Bon Scott: Vocals
Bon Scott was born on July 9, 1946 in Kirriemuir, Scotland. He spent the
first six years of his life in the small town of Kirriemuir. Bon's parents hailed
from musical families; his father, Charles, known to friends and relations
as Chick, played drums in the Kirriemuir Pipe Band and performed with the
local light-opera company. In 1952, the Scott family relocated to Australia.
The Scotts first resided in Melbourne before settling in the Adelaide suburb
of Sunshine. In 1956, Bon's brother Graeme was diagnosed with asthma
and the Scott family relocated to Fremantle.
As early as grade school, Bon had shown an affinity for music, first playing
recorder in school; he would subsequently have brief flirtations with piano
and accordion, before settling on drums. Bon took his first tentative steps
as a performer at the age of twelve, playing a recorder duet with a
classmate at a school concert and banging the drums alongside his father
in the local Caledonian Society's Scots pipe band.

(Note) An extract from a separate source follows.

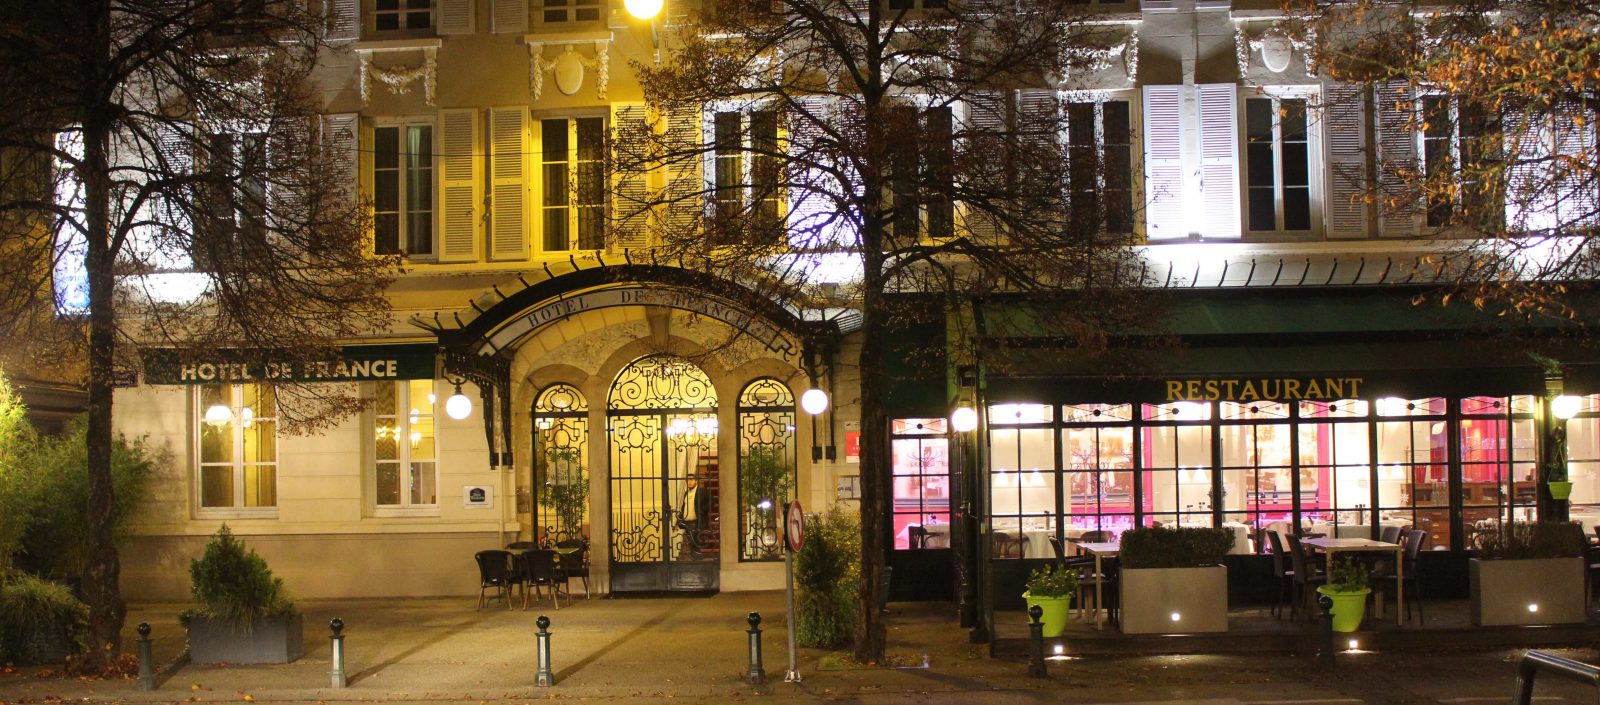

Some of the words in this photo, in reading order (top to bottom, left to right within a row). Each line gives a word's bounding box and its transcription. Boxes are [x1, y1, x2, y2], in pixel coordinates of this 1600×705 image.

Bon's lifelong distaste for authority led him to quit his studies at the age of
fifteen. After leaving school, he held a series of odd jobs, driving a tractor,
laboring on fishing boats and working as an apprentice weighing-machine
mechanic.
Bon's earliest bands found him doubling up on vocals and drums. In Perth
during 1966 he played with The Spectors. Then he moved on to The
Valentines. In May 1967 The Valentines released a debut single entitled
'Every Day I Have To Cry' on the Clarion label. Despite its lack of originality,
the single reached the Top 5 of the local charts. But their next three singles
flopped and they decided to move to Melbourne for a change of luck.
The Valentines recorded three Easybeats songs, 'She Said', 'Pelicular Hole
In The Sky' and 'My Old Man's A Groovy Old Man'. The latter reached No.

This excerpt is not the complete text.